The tensions spilled into recorded meetings and emails published on a Google worker forum. The documents were made available to Bloomberg News, which reported that Aaron Edsinger, director of robotics at Google in San Francisco, said he had been trying to create a low-cost electric quadruped robot with Boston Dynamics, but there was “a bit of a brick wall around the division.”
This recently released Boston Dynamics video of a humanoid robot trudging through the snow and being pushed over has been seen by almost 15 million viewers, but not enough to convince Google that it would generate real revenue.

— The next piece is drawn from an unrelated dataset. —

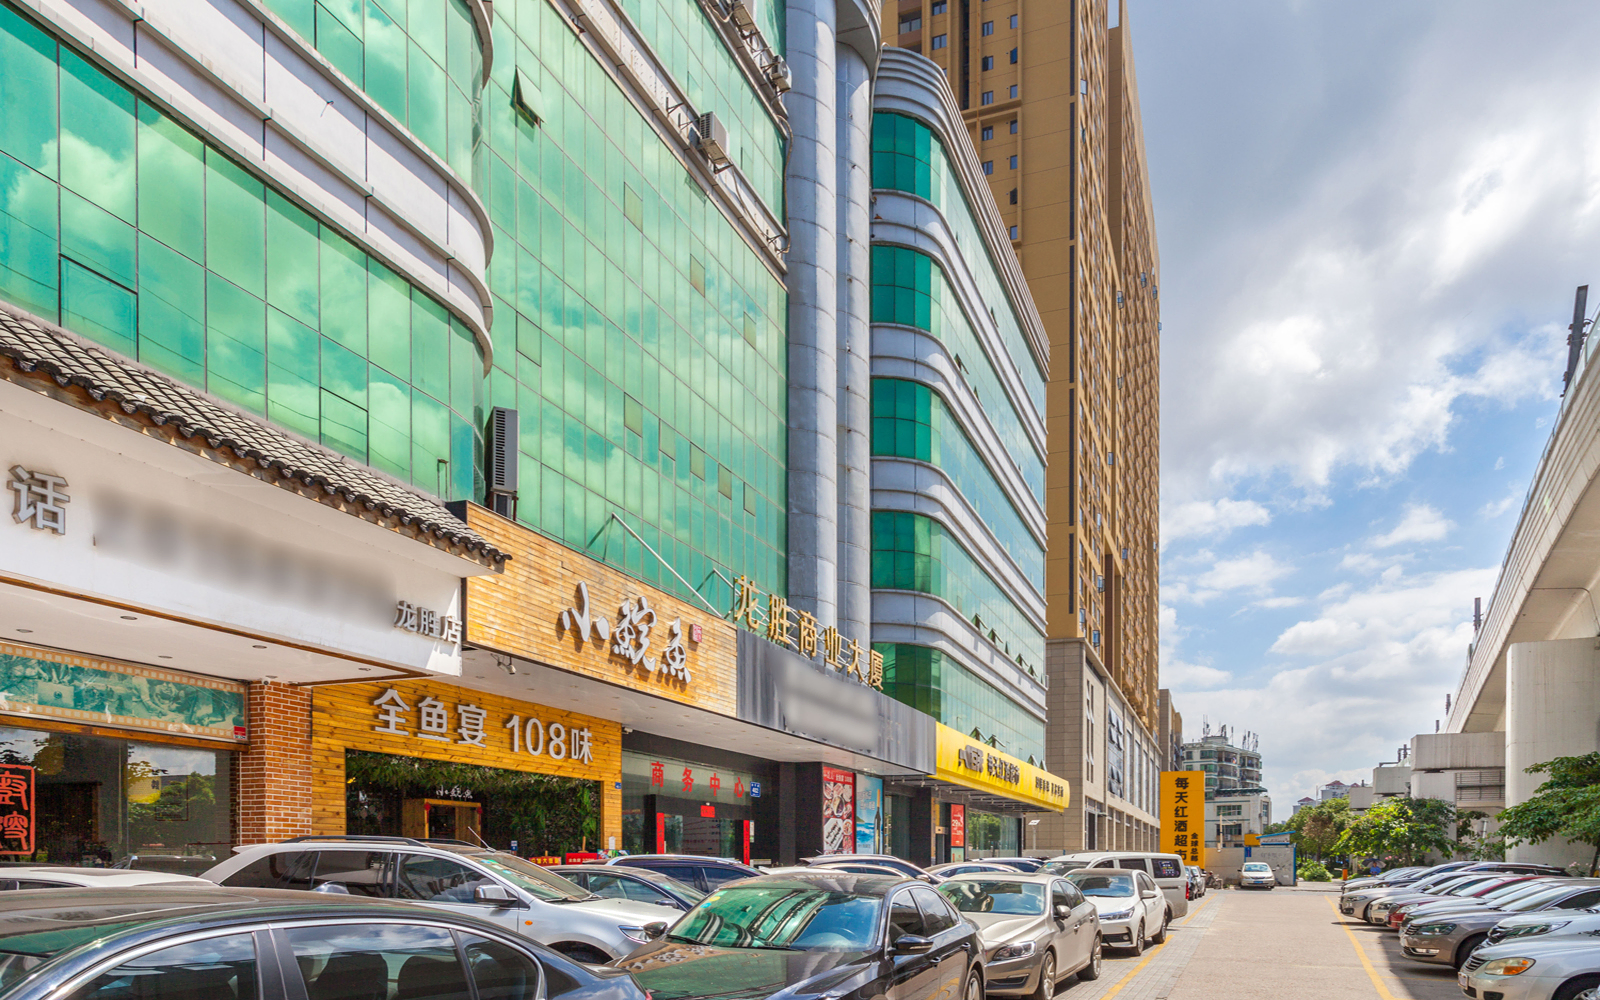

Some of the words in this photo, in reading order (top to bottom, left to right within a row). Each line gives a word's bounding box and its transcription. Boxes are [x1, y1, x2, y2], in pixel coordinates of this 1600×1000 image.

Consequently Alphabet, Google’s parent company, has decided to sell Boston Dynamics “as it is not likely to produce a marketable product in the next few years,” Bloomberg News reports, citing two people familiar with the plans. Possible buyers include Toyota’s research institute and Amazon, which makes robots for its fulfillment centers, according to the Bloomberg report.
Earlier this year The New York Times reported that “Google’s robotics division has been plagued by low morale and a lack of leadership since the unit’s founder left abruptly in 2014.”
Alphabet, the new holding company that separated Google from its collection of speculative projects, has reframed the robots effort, moving it from a stand-alone division inside Google to a piece of the X research division. The company has also hired Hans Peter Brondmo, a technology industry veteran who last worked at Nokia, to help with management. X is using some element of robotics in numerous projects like self-driving cars; Project Wing, an effort to deliver packages with drone aircraft; and Makani, an effort to capture wind energy with high-flying kites.
The Financial Times story also said:
This is also a moment for reality in robotics. The past two years have brought an unending stream of predictions about the coming “robo-calypse”. Just about the only thing left to discuss has been whether the robots will put us all out of work first, or whether a malignant AI will wipe us out.
As people working in the field are growing tired of explaining, the current state of the technology — though advancing fast — is a long way from these science fiction scare stories. The uncertain fate of Boston Dynamics underlines that truth. Even Google didn’t have the patience to wait for a walking robot to step out of the lab and earn itself a living.